§ Aim of the exercise
Repeat all of the material exactly, with no line missing.

§ Input for this task
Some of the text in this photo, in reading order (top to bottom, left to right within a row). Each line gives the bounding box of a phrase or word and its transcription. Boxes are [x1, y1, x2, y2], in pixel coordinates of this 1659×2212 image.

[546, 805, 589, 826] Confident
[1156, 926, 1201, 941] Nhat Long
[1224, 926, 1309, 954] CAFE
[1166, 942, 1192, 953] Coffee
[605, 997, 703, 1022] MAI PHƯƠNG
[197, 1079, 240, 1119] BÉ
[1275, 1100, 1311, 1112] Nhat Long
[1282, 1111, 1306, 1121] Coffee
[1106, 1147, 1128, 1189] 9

§ Exercise output
Some of the text in this photo, in reading order (top to bottom, left to right within a row). Each line gives the bounding box of a phrase or word and its transcription. Boxes are [x1, y1, x2, y2], in pixel coordinates of this 1659×2212 image.

[546, 805, 589, 826] Confident
[1156, 926, 1201, 941] Nhat Long
[1224, 926, 1309, 954] CAFE
[1166, 942, 1192, 953] Coffee
[605, 997, 703, 1022] MAI PHƯƠNG
[197, 1079, 240, 1119] BÉ
[1275, 1100, 1311, 1112] Nhat Long
[1282, 1111, 1306, 1121] Coffee
[1106, 1147, 1128, 1189] 9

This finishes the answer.